Exercise directions.
Reply with every entry, repeated exactly as given.

(Stored data entries)
========================================================================

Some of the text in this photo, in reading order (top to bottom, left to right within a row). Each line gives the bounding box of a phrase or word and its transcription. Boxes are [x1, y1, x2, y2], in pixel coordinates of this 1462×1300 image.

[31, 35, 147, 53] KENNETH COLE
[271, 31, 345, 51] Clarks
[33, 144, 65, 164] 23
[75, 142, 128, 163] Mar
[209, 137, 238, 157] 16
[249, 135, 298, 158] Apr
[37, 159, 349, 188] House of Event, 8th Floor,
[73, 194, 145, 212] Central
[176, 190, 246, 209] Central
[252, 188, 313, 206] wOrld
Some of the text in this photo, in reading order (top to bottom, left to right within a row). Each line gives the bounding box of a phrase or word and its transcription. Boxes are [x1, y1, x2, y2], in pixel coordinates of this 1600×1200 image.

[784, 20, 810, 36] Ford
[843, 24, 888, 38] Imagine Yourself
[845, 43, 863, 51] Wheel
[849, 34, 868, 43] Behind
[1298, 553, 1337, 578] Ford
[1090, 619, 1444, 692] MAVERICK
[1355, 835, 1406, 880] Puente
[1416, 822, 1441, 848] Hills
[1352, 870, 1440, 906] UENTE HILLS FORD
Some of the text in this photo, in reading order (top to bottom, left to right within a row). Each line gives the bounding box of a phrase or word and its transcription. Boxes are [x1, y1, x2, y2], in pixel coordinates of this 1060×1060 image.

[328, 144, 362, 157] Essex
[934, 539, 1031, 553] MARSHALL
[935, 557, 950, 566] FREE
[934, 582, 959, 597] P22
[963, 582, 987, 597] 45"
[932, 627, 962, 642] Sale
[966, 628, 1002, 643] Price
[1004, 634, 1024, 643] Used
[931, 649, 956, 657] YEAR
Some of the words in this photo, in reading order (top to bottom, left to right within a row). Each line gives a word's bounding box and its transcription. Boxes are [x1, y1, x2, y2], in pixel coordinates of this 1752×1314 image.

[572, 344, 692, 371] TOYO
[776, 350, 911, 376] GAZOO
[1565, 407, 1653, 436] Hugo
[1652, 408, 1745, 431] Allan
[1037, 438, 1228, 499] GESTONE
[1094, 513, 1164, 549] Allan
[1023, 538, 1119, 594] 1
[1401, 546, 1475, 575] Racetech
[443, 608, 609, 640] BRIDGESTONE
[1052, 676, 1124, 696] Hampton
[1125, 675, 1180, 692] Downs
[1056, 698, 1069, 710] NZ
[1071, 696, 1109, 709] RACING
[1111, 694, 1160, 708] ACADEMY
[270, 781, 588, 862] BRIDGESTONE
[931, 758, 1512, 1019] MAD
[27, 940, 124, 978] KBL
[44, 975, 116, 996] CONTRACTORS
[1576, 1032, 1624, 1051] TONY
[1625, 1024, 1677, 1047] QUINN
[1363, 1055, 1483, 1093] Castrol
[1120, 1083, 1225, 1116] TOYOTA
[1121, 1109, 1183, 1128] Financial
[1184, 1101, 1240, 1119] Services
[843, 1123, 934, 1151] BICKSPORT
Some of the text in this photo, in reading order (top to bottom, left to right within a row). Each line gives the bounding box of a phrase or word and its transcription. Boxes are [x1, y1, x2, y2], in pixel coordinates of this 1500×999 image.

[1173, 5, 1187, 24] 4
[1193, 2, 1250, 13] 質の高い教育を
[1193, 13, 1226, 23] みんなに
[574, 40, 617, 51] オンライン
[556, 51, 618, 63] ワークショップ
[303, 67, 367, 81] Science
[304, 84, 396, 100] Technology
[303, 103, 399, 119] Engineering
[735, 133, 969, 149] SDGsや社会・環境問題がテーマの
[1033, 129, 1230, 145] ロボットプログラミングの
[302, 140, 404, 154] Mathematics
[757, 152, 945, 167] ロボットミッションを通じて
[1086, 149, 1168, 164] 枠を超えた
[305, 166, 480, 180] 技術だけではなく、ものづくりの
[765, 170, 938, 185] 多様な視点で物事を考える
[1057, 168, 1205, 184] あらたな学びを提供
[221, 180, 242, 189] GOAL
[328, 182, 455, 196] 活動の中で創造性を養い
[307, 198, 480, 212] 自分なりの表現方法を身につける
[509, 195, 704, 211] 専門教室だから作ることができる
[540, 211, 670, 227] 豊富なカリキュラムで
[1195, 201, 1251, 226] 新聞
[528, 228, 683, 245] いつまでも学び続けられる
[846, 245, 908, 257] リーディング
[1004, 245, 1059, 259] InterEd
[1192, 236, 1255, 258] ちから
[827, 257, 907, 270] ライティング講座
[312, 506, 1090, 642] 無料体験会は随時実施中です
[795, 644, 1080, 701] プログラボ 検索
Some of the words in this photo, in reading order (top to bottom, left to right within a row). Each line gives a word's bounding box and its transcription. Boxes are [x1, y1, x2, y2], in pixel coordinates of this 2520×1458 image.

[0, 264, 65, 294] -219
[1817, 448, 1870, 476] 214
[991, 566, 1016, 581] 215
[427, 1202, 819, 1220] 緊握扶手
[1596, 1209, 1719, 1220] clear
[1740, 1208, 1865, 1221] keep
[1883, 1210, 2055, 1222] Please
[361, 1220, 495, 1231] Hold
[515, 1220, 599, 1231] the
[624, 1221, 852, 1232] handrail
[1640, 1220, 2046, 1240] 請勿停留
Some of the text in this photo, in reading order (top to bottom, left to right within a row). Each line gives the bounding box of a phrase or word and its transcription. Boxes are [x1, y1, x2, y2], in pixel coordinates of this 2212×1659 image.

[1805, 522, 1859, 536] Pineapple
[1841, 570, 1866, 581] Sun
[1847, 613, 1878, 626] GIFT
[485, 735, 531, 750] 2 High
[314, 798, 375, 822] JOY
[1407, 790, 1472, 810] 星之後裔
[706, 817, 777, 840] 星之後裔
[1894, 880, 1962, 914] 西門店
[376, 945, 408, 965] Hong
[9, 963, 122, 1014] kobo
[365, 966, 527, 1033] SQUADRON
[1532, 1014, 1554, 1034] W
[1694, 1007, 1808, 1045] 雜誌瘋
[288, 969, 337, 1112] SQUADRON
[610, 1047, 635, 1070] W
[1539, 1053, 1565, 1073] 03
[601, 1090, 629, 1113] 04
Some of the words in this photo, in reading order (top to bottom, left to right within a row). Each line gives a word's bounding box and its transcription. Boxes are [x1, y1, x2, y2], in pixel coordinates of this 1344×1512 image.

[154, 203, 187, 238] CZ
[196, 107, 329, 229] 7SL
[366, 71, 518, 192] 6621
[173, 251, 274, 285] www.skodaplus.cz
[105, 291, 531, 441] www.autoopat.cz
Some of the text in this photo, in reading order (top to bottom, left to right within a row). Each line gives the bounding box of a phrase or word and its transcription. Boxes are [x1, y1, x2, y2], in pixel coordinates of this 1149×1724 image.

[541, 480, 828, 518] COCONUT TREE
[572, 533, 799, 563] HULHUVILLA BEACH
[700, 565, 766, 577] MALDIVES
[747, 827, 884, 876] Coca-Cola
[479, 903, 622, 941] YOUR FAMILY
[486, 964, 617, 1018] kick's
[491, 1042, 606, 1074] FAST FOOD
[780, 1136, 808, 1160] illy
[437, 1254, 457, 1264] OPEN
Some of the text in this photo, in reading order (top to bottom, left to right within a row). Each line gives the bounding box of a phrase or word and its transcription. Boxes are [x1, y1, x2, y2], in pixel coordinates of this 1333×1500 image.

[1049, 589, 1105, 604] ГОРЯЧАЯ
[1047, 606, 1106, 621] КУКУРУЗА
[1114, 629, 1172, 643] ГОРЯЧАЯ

========================================================================

Answer box.
Some of the text in this photo, in reading order (top to bottom, left to right within a row). Each line gives the bounding box of a phrase or word and its transcription. Boxes are [x1, y1, x2, y2], in pixel coordinates of this 1462×1300 image.

[31, 35, 147, 53] KENNETH COLE
[271, 31, 345, 51] Clarks
[33, 144, 65, 164] 23
[75, 142, 128, 163] Mar
[209, 137, 238, 157] 16
[249, 135, 298, 158] Apr
[37, 159, 349, 188] House of Event, 8th Floor,
[73, 194, 145, 212] Central
[176, 190, 246, 209] Central
[252, 188, 313, 206] wOrld
Some of the text in this photo, in reading order (top to bottom, left to right within a row). Each line gives the bounding box of a phrase or word and its transcription. Boxes are [x1, y1, x2, y2], in pixel coordinates of this 1600×1200 image.

[784, 20, 810, 36] Ford
[843, 24, 888, 38] Imagine Yourself
[845, 43, 863, 51] Wheel
[849, 34, 868, 43] Behind
[1298, 553, 1337, 578] Ford
[1090, 619, 1444, 692] MAVERICK
[1355, 835, 1406, 880] Puente
[1416, 822, 1441, 848] Hills
[1352, 870, 1440, 906] UENTE HILLS FORD
Some of the text in this photo, in reading order (top to bottom, left to right within a row). Each line gives the bounding box of a phrase or word and its transcription. Boxes are [x1, y1, x2, y2], in pixel coordinates of this 1060×1060 image.

[328, 144, 362, 157] Essex
[934, 539, 1031, 553] MARSHALL
[935, 557, 950, 566] FREE
[934, 582, 959, 597] P22
[963, 582, 987, 597] 45"
[932, 627, 962, 642] Sale
[966, 628, 1002, 643] Price
[1004, 634, 1024, 643] Used
[931, 649, 956, 657] YEAR
Some of the words in this photo, in reading order (top to bottom, left to right within a row). Each line gives a word's bounding box and its transcription. Boxes are [x1, y1, x2, y2], in pixel coordinates of this 1752×1314 image.

[572, 344, 692, 371] TOYO
[776, 350, 911, 376] GAZOO
[1565, 407, 1653, 436] Hugo
[1652, 408, 1745, 431] Allan
[1037, 438, 1228, 499] GESTONE
[1094, 513, 1164, 549] Allan
[1023, 538, 1119, 594] 1
[1401, 546, 1475, 575] Racetech
[443, 608, 609, 640] BRIDGESTONE
[1052, 676, 1124, 696] Hampton
[1125, 675, 1180, 692] Downs
[1056, 698, 1069, 710] NZ
[1071, 696, 1109, 709] RACING
[1111, 694, 1160, 708] ACADEMY
[270, 781, 588, 862] BRIDGESTONE
[931, 758, 1512, 1019] MAD
[27, 940, 124, 978] KBL
[44, 975, 116, 996] CONTRACTORS
[1576, 1032, 1624, 1051] TONY
[1625, 1024, 1677, 1047] QUINN
[1363, 1055, 1483, 1093] Castrol
[1120, 1083, 1225, 1116] TOYOTA
[1121, 1109, 1183, 1128] Financial
[1184, 1101, 1240, 1119] Services
[843, 1123, 934, 1151] BICKSPORT
Some of the text in this photo, in reading order (top to bottom, left to right within a row). Each line gives the bounding box of a phrase or word and its transcription. Boxes are [x1, y1, x2, y2], in pixel coordinates of this 1500×999 image.

[1173, 5, 1187, 24] 4
[1193, 2, 1250, 13] 質の高い教育を
[1193, 13, 1226, 23] みんなに
[574, 40, 617, 51] オンライン
[556, 51, 618, 63] ワークショップ
[303, 67, 367, 81] Science
[304, 84, 396, 100] Technology
[303, 103, 399, 119] Engineering
[735, 133, 969, 149] SDGsや社会・環境問題がテーマの
[1033, 129, 1230, 145] ロボットプログラミングの
[302, 140, 404, 154] Mathematics
[757, 152, 945, 167] ロボットミッションを通じて
[1086, 149, 1168, 164] 枠を超えた
[305, 166, 480, 180] 技術だけではなく、ものづくりの
[765, 170, 938, 185] 多様な視点で物事を考える
[1057, 168, 1205, 184] あらたな学びを提供
[221, 180, 242, 189] GOAL
[328, 182, 455, 196] 活動の中で創造性を養い
[307, 198, 480, 212] 自分なりの表現方法を身につける
[509, 195, 704, 211] 専門教室だから作ることができる
[540, 211, 670, 227] 豊富なカリキュラムで
[1195, 201, 1251, 226] 新聞
[528, 228, 683, 245] いつまでも学び続けられる
[846, 245, 908, 257] リーディング
[1004, 245, 1059, 259] InterEd
[1192, 236, 1255, 258] ちから
[827, 257, 907, 270] ライティング講座
[312, 506, 1090, 642] 無料体験会は随時実施中です
[795, 644, 1080, 701] プログラボ 検索
Some of the words in this photo, in reading order (top to bottom, left to right within a row). Each line gives a word's bounding box and its transcription. Boxes are [x1, y1, x2, y2], in pixel coordinates of this 2520×1458 image.

[0, 264, 65, 294] -219
[1817, 448, 1870, 476] 214
[991, 566, 1016, 581] 215
[427, 1202, 819, 1220] 緊握扶手
[1596, 1209, 1719, 1220] clear
[1740, 1208, 1865, 1221] keep
[1883, 1210, 2055, 1222] Please
[361, 1220, 495, 1231] Hold
[515, 1220, 599, 1231] the
[624, 1221, 852, 1232] handrail
[1640, 1220, 2046, 1240] 請勿停留
Some of the text in this photo, in reading order (top to bottom, left to right within a row). Each line gives the bounding box of a phrase or word and its transcription. Boxes are [x1, y1, x2, y2], in pixel coordinates of this 2212×1659 image.

[1805, 522, 1859, 536] Pineapple
[1841, 570, 1866, 581] Sun
[1847, 613, 1878, 626] GIFT
[485, 735, 531, 750] 2 High
[314, 798, 375, 822] JOY
[1407, 790, 1472, 810] 星之後裔
[706, 817, 777, 840] 星之後裔
[1894, 880, 1962, 914] 西門店
[376, 945, 408, 965] Hong
[9, 963, 122, 1014] kobo
[365, 966, 527, 1033] SQUADRON
[1532, 1014, 1554, 1034] W
[1694, 1007, 1808, 1045] 雜誌瘋
[288, 969, 337, 1112] SQUADRON
[610, 1047, 635, 1070] W
[1539, 1053, 1565, 1073] 03
[601, 1090, 629, 1113] 04
Some of the words in this photo, in reading order (top to bottom, left to right within a row). Each line gives a word's bounding box and its transcription. Boxes are [x1, y1, x2, y2], in pixel coordinates of this 1344×1512 image.

[154, 203, 187, 238] CZ
[196, 107, 329, 229] 7SL
[366, 71, 518, 192] 6621
[173, 251, 274, 285] www.skodaplus.cz
[105, 291, 531, 441] www.autoopat.cz
Some of the text in this photo, in reading order (top to bottom, left to right within a row). Each line gives the bounding box of a phrase or word and its transcription. Boxes are [x1, y1, x2, y2], in pixel coordinates of this 1149×1724 image.

[541, 480, 828, 518] COCONUT TREE
[572, 533, 799, 563] HULHUVILLA BEACH
[700, 565, 766, 577] MALDIVES
[747, 827, 884, 876] Coca-Cola
[479, 903, 622, 941] YOUR FAMILY
[486, 964, 617, 1018] kick's
[491, 1042, 606, 1074] FAST FOOD
[780, 1136, 808, 1160] illy
[437, 1254, 457, 1264] OPEN
Some of the text in this photo, in reading order (top to bottom, left to right within a row). Each line gives the bounding box of a phrase or word and its transcription. Boxes are [x1, y1, x2, y2], in pixel coordinates of this 1333×1500 image.

[1049, 589, 1105, 604] ГОРЯЧАЯ
[1047, 606, 1106, 621] КУКУРУЗА
[1114, 629, 1172, 643] ГОРЯЧАЯ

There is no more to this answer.